(Stored dataset items)
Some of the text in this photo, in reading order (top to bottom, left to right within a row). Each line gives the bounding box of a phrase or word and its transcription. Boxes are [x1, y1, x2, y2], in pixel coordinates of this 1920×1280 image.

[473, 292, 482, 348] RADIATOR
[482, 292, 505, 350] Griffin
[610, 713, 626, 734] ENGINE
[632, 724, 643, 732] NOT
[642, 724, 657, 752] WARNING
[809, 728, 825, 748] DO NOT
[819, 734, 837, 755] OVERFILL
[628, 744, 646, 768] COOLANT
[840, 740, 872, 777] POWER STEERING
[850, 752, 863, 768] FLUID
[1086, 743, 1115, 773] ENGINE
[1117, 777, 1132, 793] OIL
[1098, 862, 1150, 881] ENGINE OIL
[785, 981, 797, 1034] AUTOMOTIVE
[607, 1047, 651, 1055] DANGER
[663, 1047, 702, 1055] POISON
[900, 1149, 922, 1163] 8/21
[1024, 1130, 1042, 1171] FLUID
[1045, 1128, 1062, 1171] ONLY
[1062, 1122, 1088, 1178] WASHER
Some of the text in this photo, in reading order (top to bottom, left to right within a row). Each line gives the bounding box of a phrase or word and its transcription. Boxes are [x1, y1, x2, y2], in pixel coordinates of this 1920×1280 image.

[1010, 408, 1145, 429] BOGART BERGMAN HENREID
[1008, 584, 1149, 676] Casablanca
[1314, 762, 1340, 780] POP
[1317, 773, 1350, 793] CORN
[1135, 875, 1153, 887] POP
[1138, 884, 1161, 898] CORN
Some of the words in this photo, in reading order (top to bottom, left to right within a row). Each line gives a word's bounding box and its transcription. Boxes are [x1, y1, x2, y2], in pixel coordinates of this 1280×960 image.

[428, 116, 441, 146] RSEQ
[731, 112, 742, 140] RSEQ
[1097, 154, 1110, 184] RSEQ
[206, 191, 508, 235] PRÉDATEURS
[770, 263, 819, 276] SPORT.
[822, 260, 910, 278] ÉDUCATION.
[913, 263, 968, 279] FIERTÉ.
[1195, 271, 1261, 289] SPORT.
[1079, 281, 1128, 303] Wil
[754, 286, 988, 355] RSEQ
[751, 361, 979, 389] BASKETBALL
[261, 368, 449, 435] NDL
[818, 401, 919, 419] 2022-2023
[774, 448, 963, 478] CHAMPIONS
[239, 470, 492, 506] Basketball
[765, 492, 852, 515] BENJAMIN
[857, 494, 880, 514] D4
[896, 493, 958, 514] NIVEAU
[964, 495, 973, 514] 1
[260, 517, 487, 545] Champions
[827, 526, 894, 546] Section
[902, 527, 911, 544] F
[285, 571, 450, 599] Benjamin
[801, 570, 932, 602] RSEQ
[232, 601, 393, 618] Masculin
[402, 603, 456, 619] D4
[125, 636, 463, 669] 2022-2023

**YOUR GOAL:**
Please reproduce all of the entries above exactly as they appear.

**EXERCISE OUTPUT:**
Some of the text in this photo, in reading order (top to bottom, left to right within a row). Each line gives the bounding box of a phrase or word and its transcription. Boxes are [x1, y1, x2, y2], in pixel coordinates of this 1920×1280 image.

[473, 292, 482, 348] RADIATOR
[482, 292, 505, 350] Griffin
[610, 713, 626, 734] ENGINE
[632, 724, 643, 732] NOT
[642, 724, 657, 752] WARNING
[809, 728, 825, 748] DO NOT
[819, 734, 837, 755] OVERFILL
[628, 744, 646, 768] COOLANT
[840, 740, 872, 777] POWER STEERING
[850, 752, 863, 768] FLUID
[1086, 743, 1115, 773] ENGINE
[1117, 777, 1132, 793] OIL
[1098, 862, 1150, 881] ENGINE OIL
[785, 981, 797, 1034] AUTOMOTIVE
[607, 1047, 651, 1055] DANGER
[663, 1047, 702, 1055] POISON
[900, 1149, 922, 1163] 8/21
[1024, 1130, 1042, 1171] FLUID
[1045, 1128, 1062, 1171] ONLY
[1062, 1122, 1088, 1178] WASHER
Some of the text in this photo, in reading order (top to bottom, left to right within a row). Each line gives the bounding box of a phrase or word and its transcription. Boxes are [x1, y1, x2, y2], in pixel coordinates of this 1920×1280 image.

[1010, 408, 1145, 429] BOGART BERGMAN HENREID
[1008, 584, 1149, 676] Casablanca
[1314, 762, 1340, 780] POP
[1317, 773, 1350, 793] CORN
[1135, 875, 1153, 887] POP
[1138, 884, 1161, 898] CORN
Some of the words in this photo, in reading order (top to bottom, left to right within a row). Each line gives a word's bounding box and its transcription. Boxes are [x1, y1, x2, y2], in pixel coordinates of this 1280×960 image.

[428, 116, 441, 146] RSEQ
[731, 112, 742, 140] RSEQ
[1097, 154, 1110, 184] RSEQ
[206, 191, 508, 235] PRÉDATEURS
[770, 263, 819, 276] SPORT.
[822, 260, 910, 278] ÉDUCATION.
[913, 263, 968, 279] FIERTÉ.
[1195, 271, 1261, 289] SPORT.
[1079, 281, 1128, 303] Wil
[754, 286, 988, 355] RSEQ
[751, 361, 979, 389] BASKETBALL
[261, 368, 449, 435] NDL
[818, 401, 919, 419] 2022-2023
[774, 448, 963, 478] CHAMPIONS
[239, 470, 492, 506] Basketball
[765, 492, 852, 515] BENJAMIN
[857, 494, 880, 514] D4
[896, 493, 958, 514] NIVEAU
[964, 495, 973, 514] 1
[260, 517, 487, 545] Champions
[827, 526, 894, 546] Section
[902, 527, 911, 544] F
[285, 571, 450, 599] Benjamin
[801, 570, 932, 602] RSEQ
[232, 601, 393, 618] Masculin
[402, 603, 456, 619] D4
[125, 636, 463, 669] 2022-2023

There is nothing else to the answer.